▶ Your instructions: Write out every record in full, exactly as written, please.

*** Given entries Section Begins ***

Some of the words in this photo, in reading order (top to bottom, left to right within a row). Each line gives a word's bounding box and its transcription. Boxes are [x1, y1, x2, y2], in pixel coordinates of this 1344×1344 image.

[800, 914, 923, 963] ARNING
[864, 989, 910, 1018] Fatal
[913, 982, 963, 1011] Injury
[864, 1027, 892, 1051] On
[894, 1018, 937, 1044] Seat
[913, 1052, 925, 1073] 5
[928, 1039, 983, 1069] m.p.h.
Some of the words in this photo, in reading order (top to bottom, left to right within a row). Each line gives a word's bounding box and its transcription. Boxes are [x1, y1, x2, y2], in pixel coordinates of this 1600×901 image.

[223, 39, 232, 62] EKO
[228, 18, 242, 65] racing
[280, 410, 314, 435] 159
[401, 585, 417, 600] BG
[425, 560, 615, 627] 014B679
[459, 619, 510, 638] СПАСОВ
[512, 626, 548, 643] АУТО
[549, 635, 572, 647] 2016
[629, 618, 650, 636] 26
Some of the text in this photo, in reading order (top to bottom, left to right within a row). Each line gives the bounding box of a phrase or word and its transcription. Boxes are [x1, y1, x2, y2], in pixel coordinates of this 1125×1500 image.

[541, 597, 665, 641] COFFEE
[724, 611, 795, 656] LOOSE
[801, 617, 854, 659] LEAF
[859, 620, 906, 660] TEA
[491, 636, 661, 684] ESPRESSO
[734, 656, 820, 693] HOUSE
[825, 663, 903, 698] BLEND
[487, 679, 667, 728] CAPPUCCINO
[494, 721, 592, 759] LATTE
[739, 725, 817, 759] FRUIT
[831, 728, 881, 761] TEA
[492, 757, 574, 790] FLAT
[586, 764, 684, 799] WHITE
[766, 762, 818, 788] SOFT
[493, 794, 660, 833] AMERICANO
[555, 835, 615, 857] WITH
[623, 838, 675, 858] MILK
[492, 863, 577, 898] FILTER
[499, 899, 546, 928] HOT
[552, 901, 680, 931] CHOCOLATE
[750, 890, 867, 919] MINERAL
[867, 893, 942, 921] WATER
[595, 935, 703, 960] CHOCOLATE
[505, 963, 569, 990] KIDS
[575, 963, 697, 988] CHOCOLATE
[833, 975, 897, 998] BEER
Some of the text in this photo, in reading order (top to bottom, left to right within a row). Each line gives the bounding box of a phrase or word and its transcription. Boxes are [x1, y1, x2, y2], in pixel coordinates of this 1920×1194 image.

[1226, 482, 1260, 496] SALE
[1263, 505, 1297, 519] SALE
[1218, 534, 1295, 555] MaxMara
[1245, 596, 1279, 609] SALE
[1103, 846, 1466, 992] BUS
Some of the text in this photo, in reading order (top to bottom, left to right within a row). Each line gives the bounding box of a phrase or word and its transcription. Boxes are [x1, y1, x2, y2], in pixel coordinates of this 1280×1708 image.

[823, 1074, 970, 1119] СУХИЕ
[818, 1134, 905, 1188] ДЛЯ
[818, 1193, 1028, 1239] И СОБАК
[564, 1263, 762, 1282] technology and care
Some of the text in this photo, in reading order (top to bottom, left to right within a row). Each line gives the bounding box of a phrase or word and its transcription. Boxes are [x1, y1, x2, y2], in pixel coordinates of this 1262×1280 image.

*** Given entries Section Ends ***

▶ Answer area:
Some of the words in this photo, in reading order (top to bottom, left to right within a row). Each line gives a word's bounding box and its transcription. Boxes are [x1, y1, x2, y2], in pixel coordinates of this 1344×1344 image.

[800, 914, 923, 963] ARNING
[864, 989, 910, 1018] Fatal
[913, 982, 963, 1011] Injury
[864, 1027, 892, 1051] On
[894, 1018, 937, 1044] Seat
[913, 1052, 925, 1073] 5
[928, 1039, 983, 1069] m.p.h.
Some of the words in this photo, in reading order (top to bottom, left to right within a row). Each line gives a word's bounding box and its transcription. Boxes are [x1, y1, x2, y2], in pixel coordinates of this 1600×901 image.

[223, 39, 232, 62] EKO
[228, 18, 242, 65] racing
[280, 410, 314, 435] 159
[401, 585, 417, 600] BG
[425, 560, 615, 627] 014B679
[459, 619, 510, 638] СПАСОВ
[512, 626, 548, 643] АУТО
[549, 635, 572, 647] 2016
[629, 618, 650, 636] 26
Some of the text in this photo, in reading order (top to bottom, left to right within a row). Each line gives the bounding box of a phrase or word and its transcription. Boxes are [x1, y1, x2, y2], in pixel coordinates of this 1125×1500 image.

[541, 597, 665, 641] COFFEE
[724, 611, 795, 656] LOOSE
[801, 617, 854, 659] LEAF
[859, 620, 906, 660] TEA
[491, 636, 661, 684] ESPRESSO
[734, 656, 820, 693] HOUSE
[825, 663, 903, 698] BLEND
[487, 679, 667, 728] CAPPUCCINO
[494, 721, 592, 759] LATTE
[739, 725, 817, 759] FRUIT
[831, 728, 881, 761] TEA
[492, 757, 574, 790] FLAT
[586, 764, 684, 799] WHITE
[766, 762, 818, 788] SOFT
[493, 794, 660, 833] AMERICANO
[555, 835, 615, 857] WITH
[623, 838, 675, 858] MILK
[492, 863, 577, 898] FILTER
[499, 899, 546, 928] HOT
[552, 901, 680, 931] CHOCOLATE
[750, 890, 867, 919] MINERAL
[867, 893, 942, 921] WATER
[595, 935, 703, 960] CHOCOLATE
[505, 963, 569, 990] KIDS
[575, 963, 697, 988] CHOCOLATE
[833, 975, 897, 998] BEER
Some of the text in this photo, in reading order (top to bottom, left to right within a row). Each line gives the bounding box of a phrase or word and its transcription. Boxes are [x1, y1, x2, y2], in pixel coordinates of this 1920×1194 image.

[1226, 482, 1260, 496] SALE
[1263, 505, 1297, 519] SALE
[1218, 534, 1295, 555] MaxMara
[1245, 596, 1279, 609] SALE
[1103, 846, 1466, 992] BUS
Some of the text in this photo, in reading order (top to bottom, left to right within a row). Each line gives the bounding box of a phrase or word and its transcription. Boxes are [x1, y1, x2, y2], in pixel coordinates of this 1280×1708 image.

[823, 1074, 970, 1119] СУХИЕ
[818, 1134, 905, 1188] ДЛЯ
[818, 1193, 1028, 1239] И СОБАК
[564, 1263, 762, 1282] technology and care
Some of the text in this photo, in reading order (top to bottom, left to right within a row). Each line gives the bounding box of a phrase or word and its transcription. Boxes are [x1, y1, x2, y2], in pixel coordinates of this 1262×1280 image.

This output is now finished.